"Tudo começou em Nova Iguaçu (RJ), onde eu e o Da Gama fizemos o ginásio juntos, ambos filhos de operários. Tornei-me baterista de um grupo gospel, o Novo Tempo, com o Da Gama e o Bino. Participamos de festivais estudantis. A gente nunca ganhava, mas recebia elogios. O Bernardo entrou em 85. Tocamos num evento de reggae promovido pela UNE no Rio, em 87. Ouvíamos direto o programa 'Batmacumba', da Fluminense FM, e seu apresentador, o Nelson Meirelles, virou uma espécie de nosso pai e tutor musical.
A BBC de Londres fez um especial sobre a Baixada Fluminense e nos descobriu. Pintaram shows fora do Rio. Gravamos uma demo que caiu na mão do Ricardo Barreto (Blitz) e do poeta Bernardo Vilhena. Eles a apresentaram à Sony, que nos contratou em 90. E, logo no primeiro LP, tivemos a participação de Jimmy Cliff! Um sonho real!"

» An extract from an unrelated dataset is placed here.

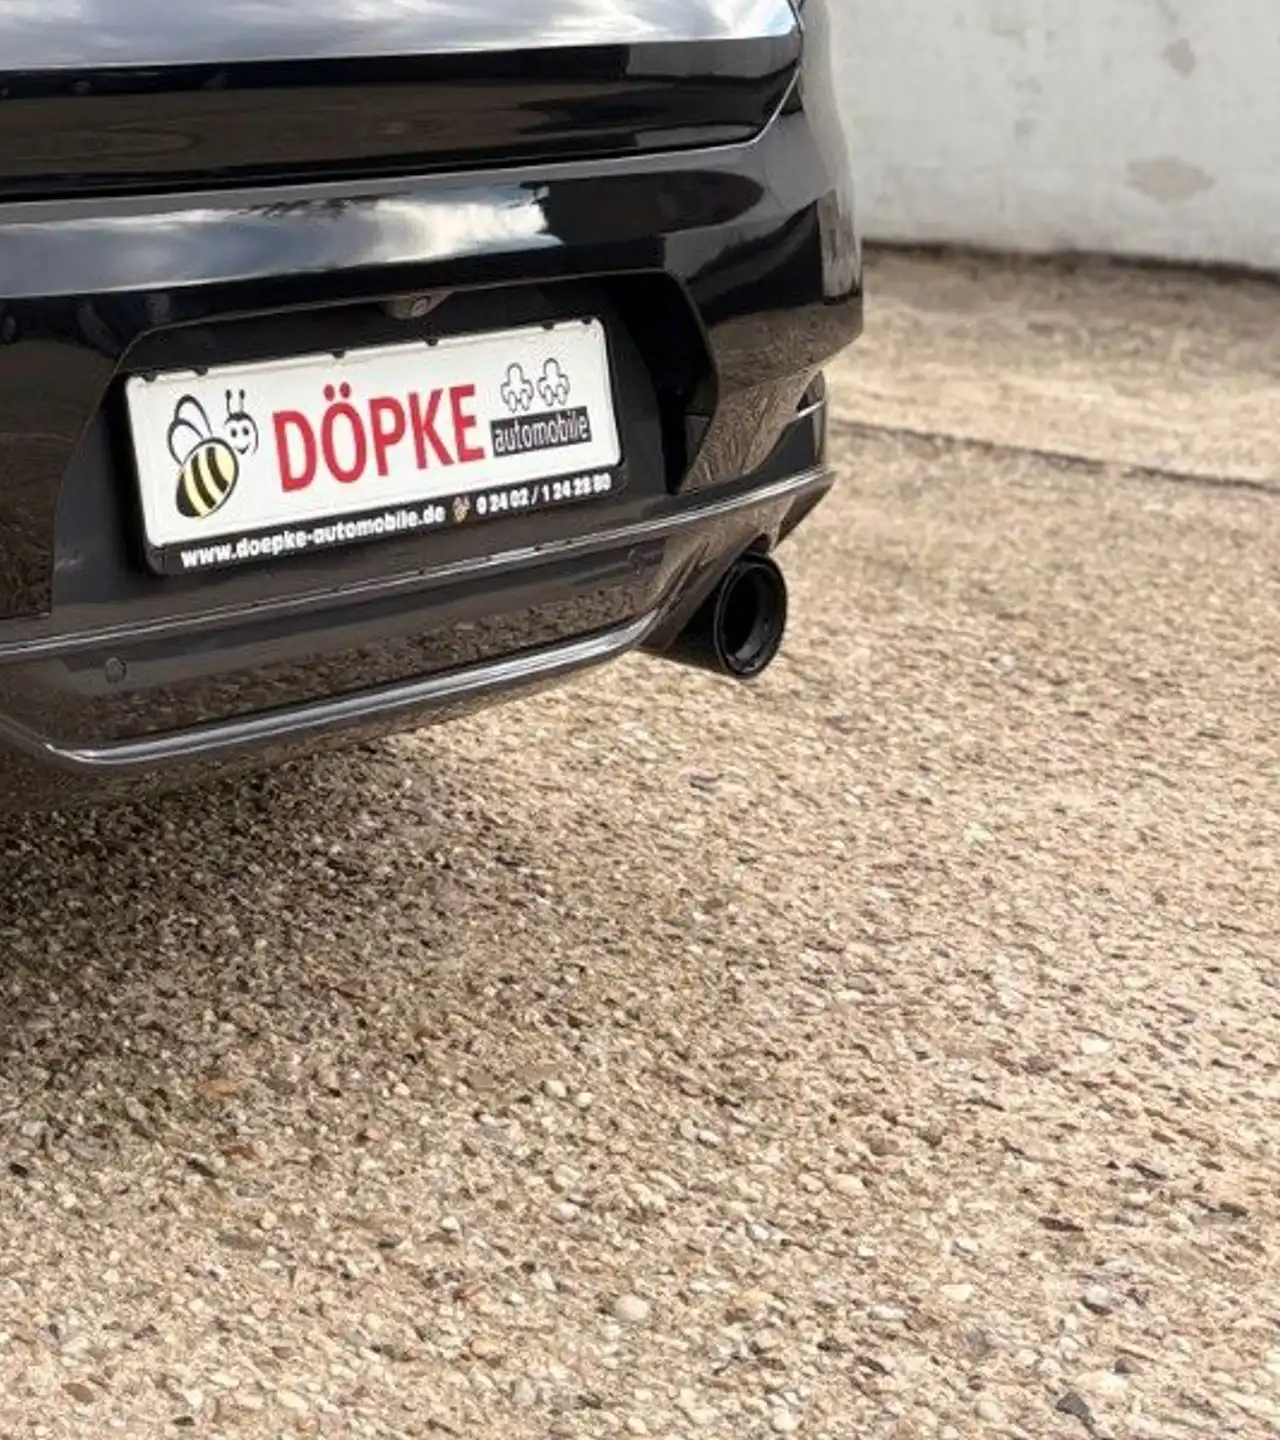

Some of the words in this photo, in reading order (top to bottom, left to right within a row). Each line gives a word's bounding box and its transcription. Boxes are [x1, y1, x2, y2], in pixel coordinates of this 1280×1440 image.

O Cidade Negra, uma das principais bandas do Reggae Nacional, lança seu mais novo álbum intitulado "Perto de Deus", que vem dando o que falar. A banda, natural de Belford Roxo, voltou-se às próprias raízes! Foi todo um trabalho de arranjos, mixagem e produção nitidamente mais "roots".
Com entrevista programada para às 18:00 do último dia 20, fomos à cobertura do hotel Imperial Hall em São Paulo, onde a banda realizava pequenas entrevistas para vários veículos de comunicação. Logo no início, Da Gama, guitarrista da banda, não conteve a surpresa de ver a equipe Surforeggae, já que temos uma forte parceria com um de seus trabalhos paralelos, o programa de rádio "Cidade do Reggae". Sem mais delongas, vamos à entrevista.

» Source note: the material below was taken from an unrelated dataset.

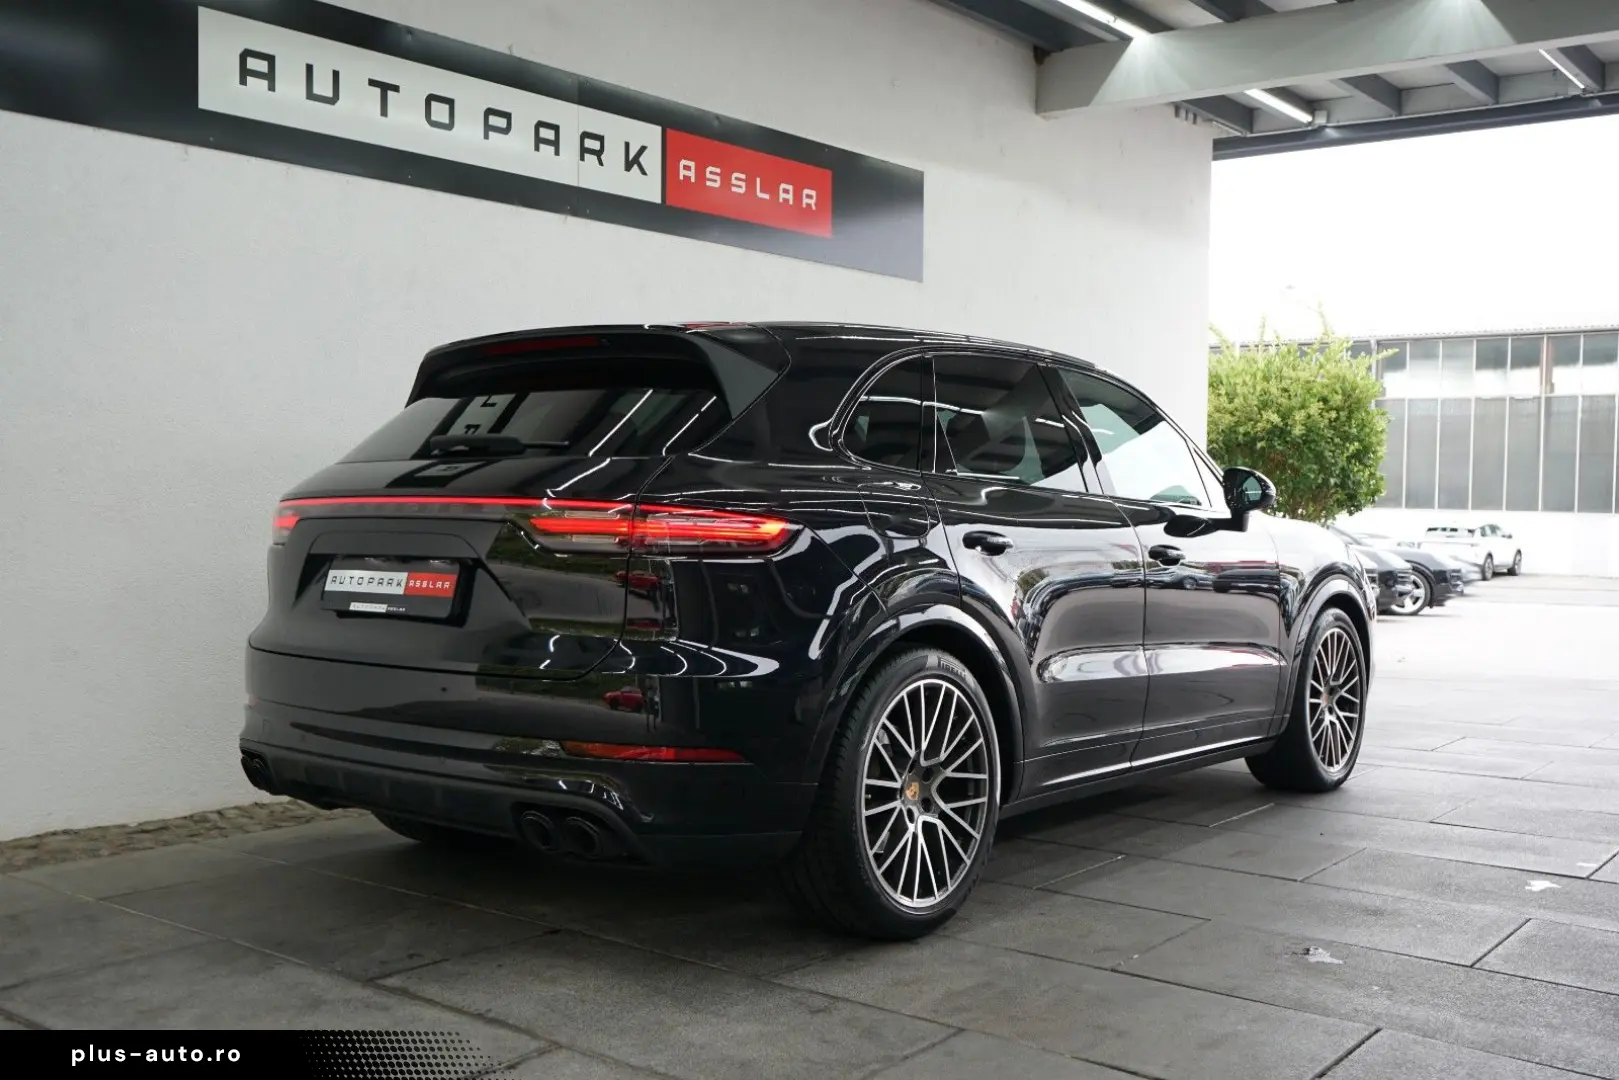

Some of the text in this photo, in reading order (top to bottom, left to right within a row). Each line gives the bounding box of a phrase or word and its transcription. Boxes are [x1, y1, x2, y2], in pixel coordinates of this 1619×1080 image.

[238, 47, 818, 212] AUTOPARK ASSLAR
[331, 575, 451, 589] AUTOPARK ASSLAR

Obs.: As palavras com asterísco, tem seu significado ao final da página.
A ENTREVISTA
Surforeggae: Qual o motivo que levou o Cidade Negra mixar o novo álbum na Jamaica?
Da Gama: Nosso primeiro contato com a Jamaica foi através de shows e clipe, e vimos a necessidade de estreitar os laços com produtores jamaicanos a fim de poder ter aquele toque especial ao nosso projeto. É uma honra poder trabalhar com grandes nomes como Colin "Bulby" York*, um dos produtores da última fase da Studio One*, que também foi dj, aliás já é tradicional na Jamaica grandes djs se tornarem grandes produtores. Para o Cidade Negra, é muito evidente que devemos nos juntar com os melhores do Reggae, no berço do Reggae, etc, que toda essa experiência iria se refletir em nosso trabalho. Esse é um primeiro passo para um disco feito 100% na Jamaica.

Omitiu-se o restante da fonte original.